According to a case published in the AMA Journal of Ethics, patients’ racism presents an ethical problem that all healthcare staff must address. Healthcare organizations are responsible for promoting awareness and guiding institutional responses that reduce harm to clinicians of color while supporting their role as care providers.
The authors of this case study sought to evaluate the nature and scope of how an organization should respond to patients’ expressions of racism against healthcare workers, including the responsibility to train staff and enact policies that address discrimination.
The investigators explored racial discrimination against healthcare workers as exposed in a case that involved a black physician in her final year of an internal medicine residency. In this scenario, Dr. C attempted to treat a patient who made racist remarks in the midst of an examination. The attending physician, an older white man, stood by quietly during the interaction; following the examination, the discussion among clinicians did not further address the patient’s remarks.
It is important for healthcare organizations to recognize the ethical conflict that emerges for healthcare practitioners of color: namely, that they must decide between their duty to provide care and their duty not to treat patients against their wishes, all while managing the harm done by the patient’s abuse, and, in this scenario, their mentor’s failure to address the issue. A guideline should be provided on how an institution best responds to these issues, with the aim of balancing recognition of harm to the targeted physician and their duty to provide care. For example, the institutional response should be to deny reassignment requests based solely on bias and bigotry unless the patient is in imminent danger or medically unstable.
Healthcare organizations should identify and prioritize necessary actions when staff members are faced with expressions of racism. Importantly, clinicians of color should not bear the burden alone. The authors wrote, “health care administrators in their role as leaders must be at the forefront of raising awareness and combatting white fragility.” Moreover, they should require a firm commitment from the organization’s shareholders to support and enforce policies that acknowledge the expression of racism and actually address the racist behavior, even if it means holding difficult or awkward conversations. These policies should include microaggression and overt expressions of bias.

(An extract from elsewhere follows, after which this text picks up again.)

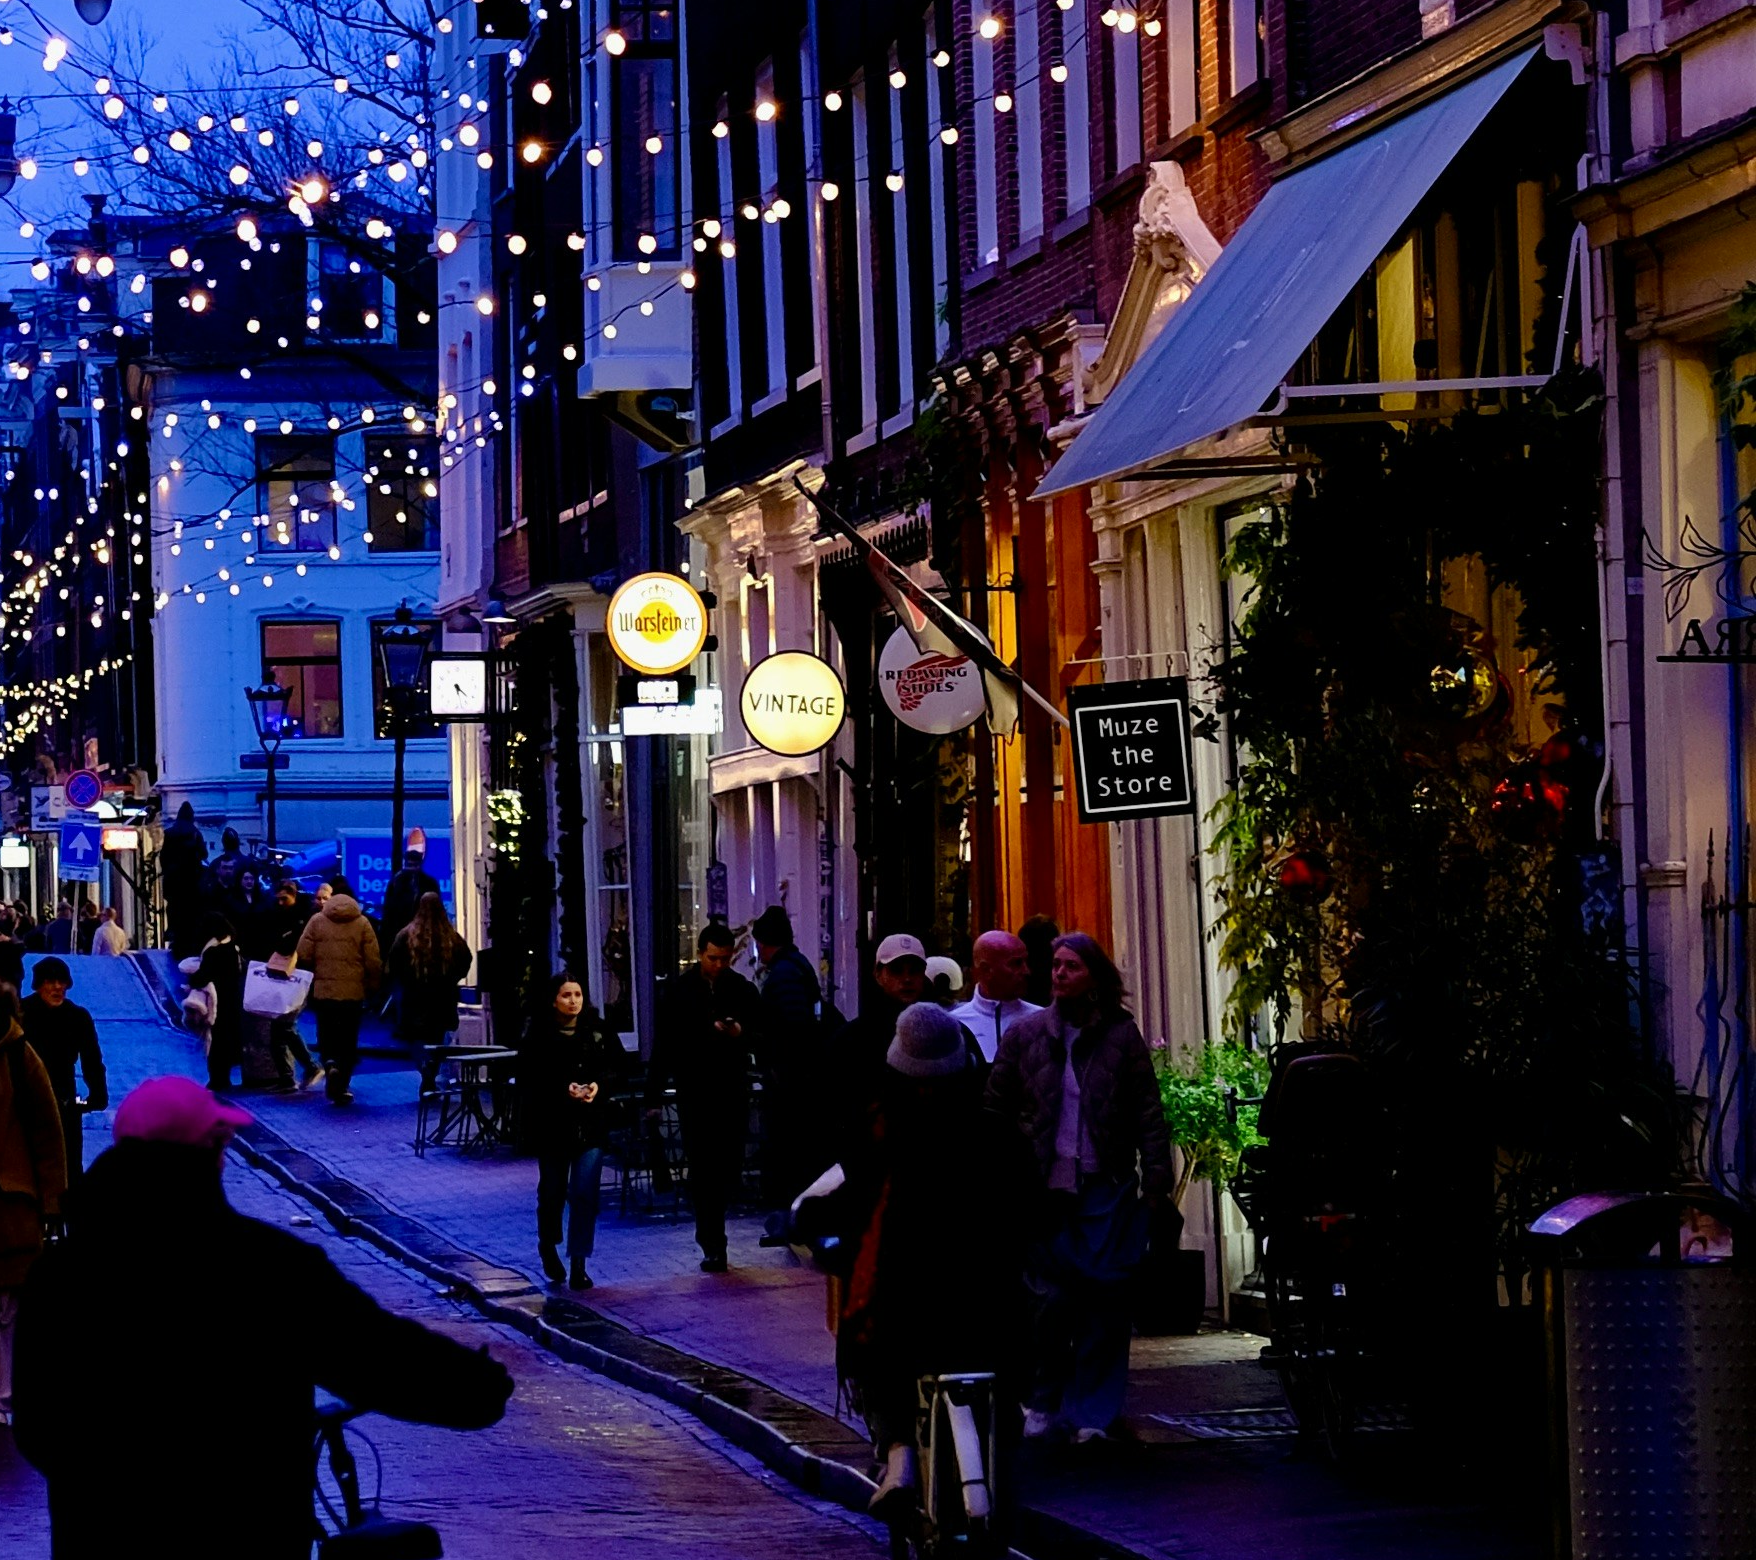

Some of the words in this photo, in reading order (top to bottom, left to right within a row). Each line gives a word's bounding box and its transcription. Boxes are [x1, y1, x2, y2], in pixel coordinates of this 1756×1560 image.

The investigators suggested that in the presented case, the attending physician should have described Dr. C’s talents to the patient and gently but firmly pointed out the patient’s unnecessary or intolerable behavior. Furthermore, the attending physician should have checked in with Dr. C following the incident, offering to help debrief her or seek counsel on how to intervene in such a situation. The investigators stressed that these actions require awareness and skill for intervention, which can be enforced through proper policies.
Garran AM, Rasmussen BM. How should organizations respond to racism against health care workers? AMA J Ethics. 2019;21(6):e499-e504.